The Digital Collegian - Published independently by students at Penn State
ARTS
[ Friday, Feb. 22, 2002 ]

Writer/director nestles viewers snuggly
in 'Eve's Bayou'

Collegian Staff Writer

Quick, name a film by a black female director. Better yet, name a black female director, any black female director. Got one? I didn't think so. Black history month is as good a time as any to evaluate the inequality still inherent in the Hollywood system. The almost total lack of black women behind the camera might lead one to draw the false conclusion that no one from the group has emerged yet to distinguish herself. With the modern masterpiece Eve's Bayou, however, writer-director Kasi Lemmons refutes that fallacy.

Drawing from her southern heritage, Lemmons has crafted an enigmatic marvel that effectively blends poetry with pathos. Eve's Bayou, the titular setting, becomes a community firmly embedded in our minds. The characters we come to know as if they were our own family — their strengths, their weaknesses, their fears, are our own.

Like The Godfather, Eve's Bayou opens with a festive party sequence, designed to introduce several characters at once. We meet Louis Batiste (Samuel L. Jackson) the patriarch of the Batiste home — a doctor and a considerably wealthy man for a black in the rural South. His wife Roz (Lynn Whitfield) is a stunningly beautiful young woman, sporting a smile that conceals her insecurities. The Batiste children — Cisely (Meagan Good), Poe (Jake Smollett) and the film's narrator, Eve (Jurnee Smollett) — appear to complete the final elements of a happy, well-adjusted family, at least at the outset. The device of the party also introduces several other key characters, most notably Louis' sister, Mozelle (Debbi Morgan) a seemingly eccentric practitioner of divination. She shares with Eve this strange clairvoyance, which she simply calls "the gift of sight."

These characters are what truly give the movie its power and they are brought to vibrant life by a superb ensemble cast. Essentially, just about all of the performances are memorable, but two, in particular, stand out. Samuel L. Jackson — quite possibly the most charismatic actor alive in America today — and the young Meagan Good give such deep, multifaceted performances that they transcend any traditional character descriptions.

Jackson oozes charisma from every pore, despite what we learn about his character's prurient behavior, and Good nicely instills in Cisely the perfect degree of ambiguity.

Their peculiar father-daughter relationship is at the heart of the film, wavering unendingly between the wholesome and the grotesque.
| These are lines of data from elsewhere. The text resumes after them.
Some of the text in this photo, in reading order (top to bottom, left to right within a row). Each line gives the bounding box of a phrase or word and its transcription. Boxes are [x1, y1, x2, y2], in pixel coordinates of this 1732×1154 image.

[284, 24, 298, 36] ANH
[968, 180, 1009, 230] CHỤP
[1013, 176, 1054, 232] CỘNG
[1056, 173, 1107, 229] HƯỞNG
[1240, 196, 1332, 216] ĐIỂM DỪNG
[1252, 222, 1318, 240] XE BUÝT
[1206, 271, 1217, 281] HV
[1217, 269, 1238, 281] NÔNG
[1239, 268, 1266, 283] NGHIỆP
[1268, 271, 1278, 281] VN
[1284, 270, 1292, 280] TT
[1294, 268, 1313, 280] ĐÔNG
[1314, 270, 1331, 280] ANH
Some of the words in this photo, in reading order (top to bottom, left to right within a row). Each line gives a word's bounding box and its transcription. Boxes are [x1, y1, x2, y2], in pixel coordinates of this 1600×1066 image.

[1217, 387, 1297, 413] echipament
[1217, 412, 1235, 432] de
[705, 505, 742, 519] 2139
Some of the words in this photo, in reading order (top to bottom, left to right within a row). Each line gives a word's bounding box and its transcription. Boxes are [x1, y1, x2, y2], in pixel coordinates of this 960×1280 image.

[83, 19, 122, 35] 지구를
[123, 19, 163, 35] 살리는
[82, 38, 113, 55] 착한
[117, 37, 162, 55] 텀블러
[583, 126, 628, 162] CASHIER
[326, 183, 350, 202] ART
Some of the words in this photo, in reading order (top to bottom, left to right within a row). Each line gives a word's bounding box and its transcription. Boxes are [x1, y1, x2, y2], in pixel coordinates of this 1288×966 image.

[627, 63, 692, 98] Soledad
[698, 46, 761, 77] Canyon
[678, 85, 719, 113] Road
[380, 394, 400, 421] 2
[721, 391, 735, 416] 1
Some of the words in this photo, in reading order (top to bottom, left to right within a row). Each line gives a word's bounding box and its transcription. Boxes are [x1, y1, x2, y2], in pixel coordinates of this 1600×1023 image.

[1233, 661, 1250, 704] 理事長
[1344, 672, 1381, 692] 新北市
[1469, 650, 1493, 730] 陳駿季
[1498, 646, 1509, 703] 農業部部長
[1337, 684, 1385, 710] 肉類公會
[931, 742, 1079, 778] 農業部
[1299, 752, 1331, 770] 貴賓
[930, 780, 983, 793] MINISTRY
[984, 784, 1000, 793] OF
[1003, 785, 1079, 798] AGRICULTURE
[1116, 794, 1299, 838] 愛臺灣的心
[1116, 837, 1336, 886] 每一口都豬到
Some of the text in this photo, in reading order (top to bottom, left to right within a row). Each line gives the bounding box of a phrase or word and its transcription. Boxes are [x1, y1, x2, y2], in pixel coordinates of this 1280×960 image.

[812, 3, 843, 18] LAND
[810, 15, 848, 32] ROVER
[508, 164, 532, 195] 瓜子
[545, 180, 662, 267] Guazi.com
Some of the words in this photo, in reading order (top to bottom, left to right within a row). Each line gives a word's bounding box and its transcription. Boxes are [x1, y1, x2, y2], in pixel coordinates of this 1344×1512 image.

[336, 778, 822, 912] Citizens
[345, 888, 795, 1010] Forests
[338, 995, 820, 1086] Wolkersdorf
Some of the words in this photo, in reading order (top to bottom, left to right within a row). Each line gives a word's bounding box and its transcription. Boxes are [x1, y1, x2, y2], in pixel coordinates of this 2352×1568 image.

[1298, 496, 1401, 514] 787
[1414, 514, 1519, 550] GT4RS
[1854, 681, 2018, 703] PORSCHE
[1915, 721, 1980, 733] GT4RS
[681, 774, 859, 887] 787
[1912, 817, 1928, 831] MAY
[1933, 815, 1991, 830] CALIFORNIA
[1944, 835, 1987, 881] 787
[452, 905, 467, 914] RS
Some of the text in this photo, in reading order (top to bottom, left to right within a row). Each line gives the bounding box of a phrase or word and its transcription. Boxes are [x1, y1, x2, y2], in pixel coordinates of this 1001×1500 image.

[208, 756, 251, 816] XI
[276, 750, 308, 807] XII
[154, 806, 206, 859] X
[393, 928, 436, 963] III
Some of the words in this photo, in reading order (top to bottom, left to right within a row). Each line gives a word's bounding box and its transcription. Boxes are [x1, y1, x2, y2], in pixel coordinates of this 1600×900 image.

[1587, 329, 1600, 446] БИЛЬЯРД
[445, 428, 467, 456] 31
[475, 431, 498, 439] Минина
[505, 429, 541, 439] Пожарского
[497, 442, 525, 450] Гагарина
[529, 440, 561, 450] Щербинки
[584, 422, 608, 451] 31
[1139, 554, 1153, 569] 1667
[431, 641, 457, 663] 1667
This duality suggests, perhaps, a thin line that exists in any and all familial relationships.

Within the context of the film, it's simply great acting.

Another breathtaking aspect of Eve's Bayou is its subtle, rhythmic mood. The film, as dictated by the narrator's easy, poetic lamentations seems less like a film and more like a work of literature. In fact, I was pleasantly surprised when I learned that Lemmons' screenplay was an original story. So rarely in cinema do we see the kind of complex characterizations and atmospheric competence that Lemmons presents to us in this film.

It certainly does feel like it had to have been a novel once, in the way it skillfully weaves such a thought-provoking mystery of human emotion.

But, then, it also invokes the lyric reverie of a poem, especially in its semi-circular storytelling and lack of a clear-cut resolution. At whichever level the film impacts you, its gentle, lasting power is undeniable.